Pinochet Nostalgia
The Wall Street Journal, openly pining for Augusto Pinochet:
Mr. Obama also requested a review of U.S. aid to Egypt, but cutting that off now would be a mistake. Unpopular as America is in Egypt, $1.3 billion in annual military aid buys access with the generals. U.S. support for Cairo is written into the Camp David peace accords with Israel. Washington can also do more to help Egypt gain access to markets, international loans and investment capital. The U.S. now has a second chance to use its leverage to shape a better outcome.
Egyptians would be lucky if their new ruling generals turn out to be in the mold of Chile’s Augusto Pinochet, who took power amid chaos but hired free-market reformers and midwifed a transition to democracy. If General Sisi merely tries to restore the old Mubarak order, he will eventually suffer Mr. Morsi’s fate.

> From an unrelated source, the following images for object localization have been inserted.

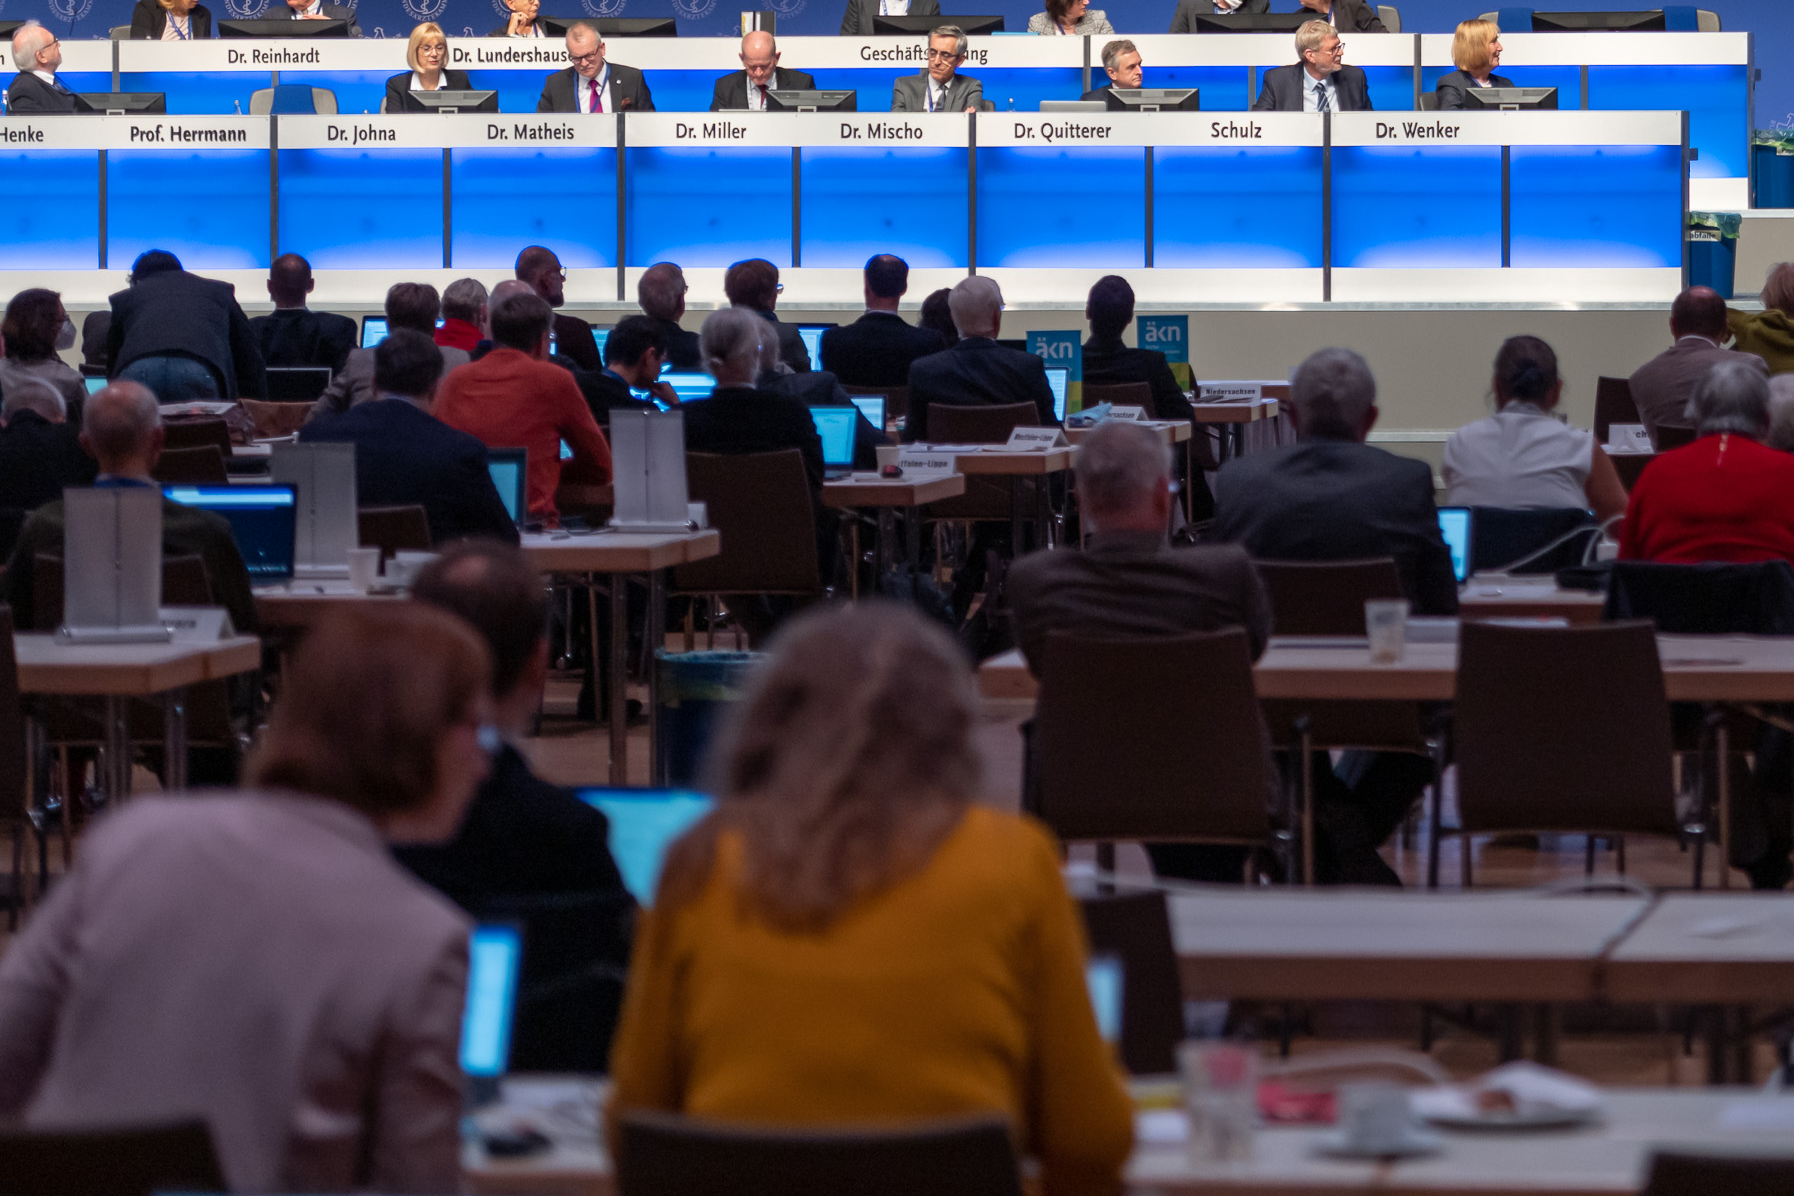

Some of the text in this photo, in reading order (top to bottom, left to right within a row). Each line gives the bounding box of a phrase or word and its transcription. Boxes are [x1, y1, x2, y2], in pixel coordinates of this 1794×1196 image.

[229, 48, 319, 63] Dr. Reinhardt
[454, 48, 472, 62] Dr.
[0, 125, 43, 142] Henke
[131, 125, 246, 141] Prof. Herrmann
[328, 124, 395, 145] Dr. Johna
[488, 123, 574, 139] Dr. Matheis
[677, 122, 746, 138] Dr. Miller
[841, 122, 922, 139] Dr. Mischo
[1015, 122, 1111, 142] Dr. Quitterer
[1211, 121, 1261, 138] Schulz
[1376, 121, 1459, 138] Dr. Wenker
[1145, 321, 1181, 342] äkn
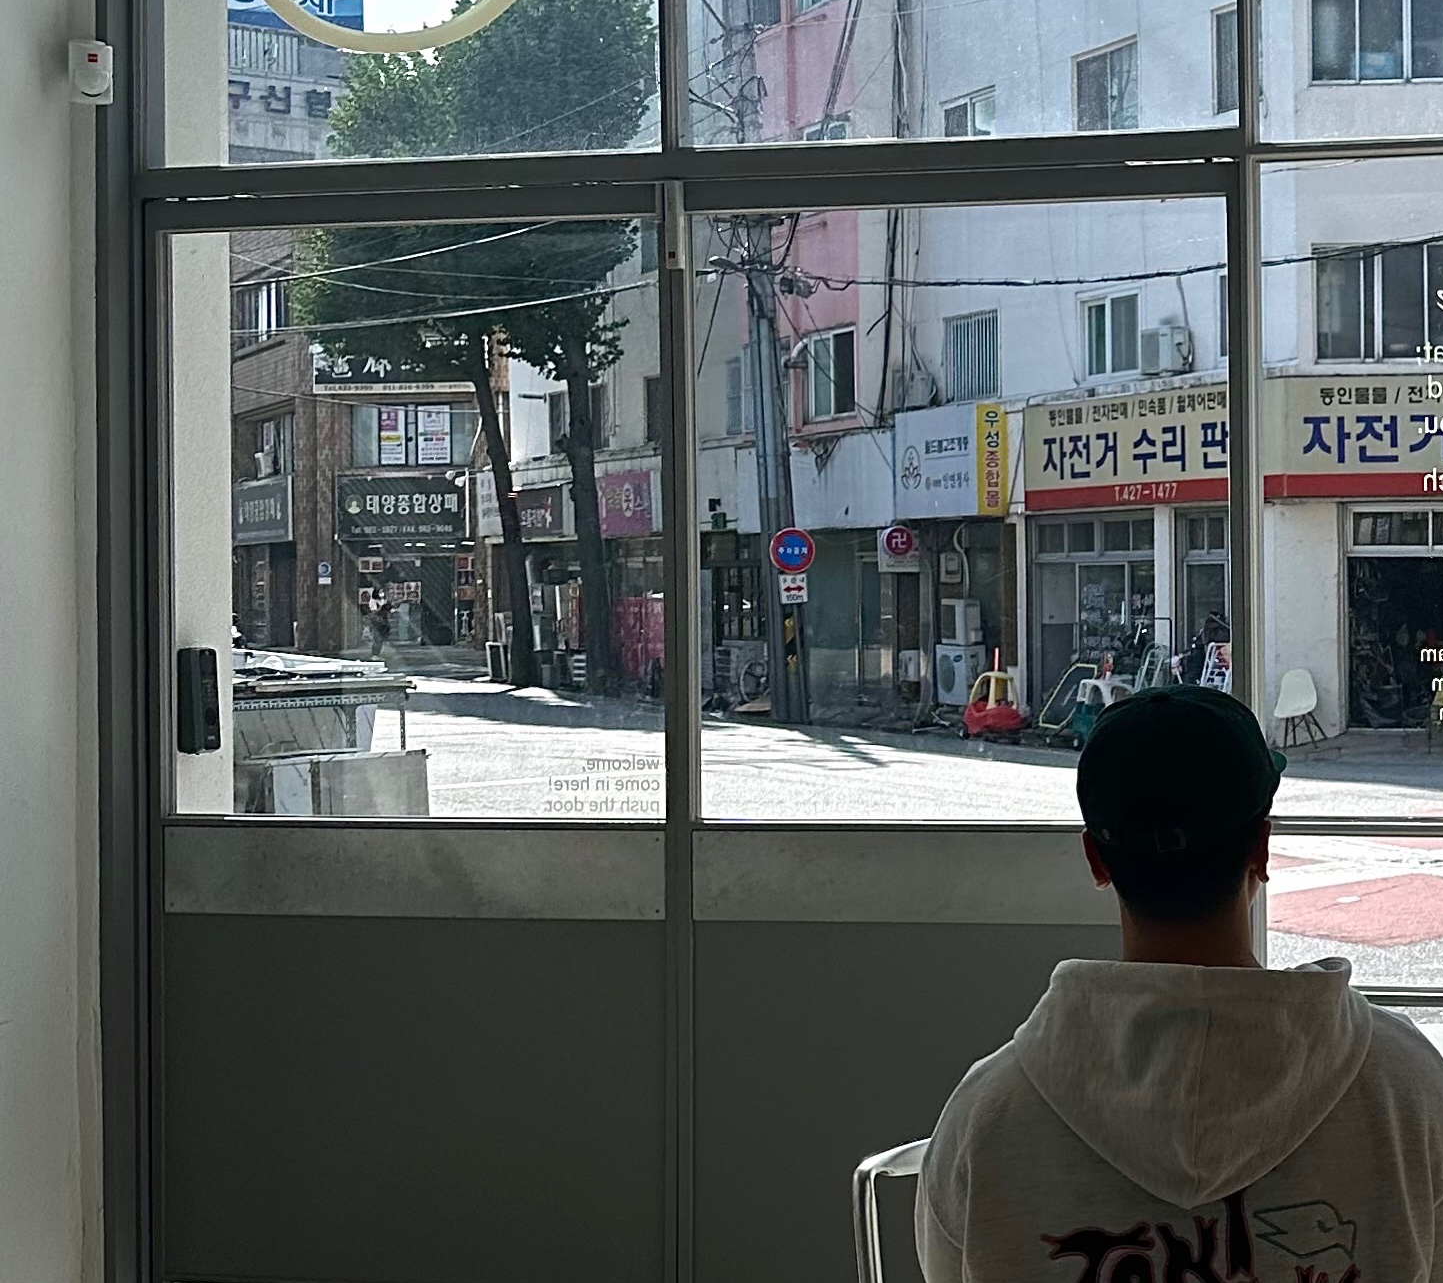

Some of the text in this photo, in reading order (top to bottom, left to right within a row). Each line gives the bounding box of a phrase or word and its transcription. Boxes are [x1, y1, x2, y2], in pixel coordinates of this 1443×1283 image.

[1043, 431, 1118, 480] 자전거
[1133, 425, 1186, 474] 수리
[1114, 483, 1178, 502] T.427-1477

Let’s let Colin Snider take over here:
Simply put: this is vile, disgusting, repugnant, vulgar, and ignorant. Pinochet’s regime murdered over 3,000 people. Again: the government actively arrested and murdered 3,000 people – men, women, children, parents. What were their crimes? Some had been union leaders. Some had been in the democratically-elected government of Salvador Allende. Some had simply expressed themselves in ways the government disagreed with. Some criticized the coup and the dictatorship that resulted. Some were merely suspected of “subversion” without a shred of evidence. And Pinochet oversaw their murders, directly and indirectly. Just as he oversaw the torture of tens of thousands more, in brutal, horrific, illegal ways. And tens of thousands more fled into exile to escape such repression, in the process tearing apart families.

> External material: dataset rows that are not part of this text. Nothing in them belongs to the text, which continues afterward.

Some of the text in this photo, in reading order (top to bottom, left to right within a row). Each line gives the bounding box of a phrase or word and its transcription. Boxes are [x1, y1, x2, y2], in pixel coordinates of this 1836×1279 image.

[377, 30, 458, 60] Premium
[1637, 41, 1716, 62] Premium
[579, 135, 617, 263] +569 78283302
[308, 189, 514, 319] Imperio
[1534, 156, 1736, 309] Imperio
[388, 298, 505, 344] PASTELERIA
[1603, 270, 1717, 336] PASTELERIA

And yet, the Wall Street Journal says Chileans were “lucky.”
Nevermind that Pinochet only reluctantly left the presidency – after losing a plebiscite he was certain he would win in 1988, he insisted on cracking down on the people and annulling the results, and only other generals’ refusal to do so ultimately led to his leaving office. And even after he left the presidency, he remained head of the army and served as a senator for another eight years, enjoying immunity for his crimes until London finally put him under arrest in 1998 in response to a Spanish extradition request.
And yet, Chileans were “lucky.”
Nevermind that, under those alleged economic improvements under Pinochet, the gap between rich and poor grew considerably, as nearly 90% of the country’s wealth went to only 10% of its population, even while Pinochet himself embezzled millions into private bank accounts in other countries.
But Chileans were “lucky.”
In a perfect world, the editorial board would be fired en masse for such horrific statements and perspectives, and then forced to apologize personally to every single family member who lost a loved one during the Pinochet regime, to every single person who was tortured by Pinochet’s security forces. Sadly, the editors will likely keep their jobs, protected by the same elitist insulation that led them in the first place to see only economic outcomes, rather than human rights crises.
So yeah, from the Wall Street Journal editorial board’s perspective, the Egyptian people would be lucky to see this happen.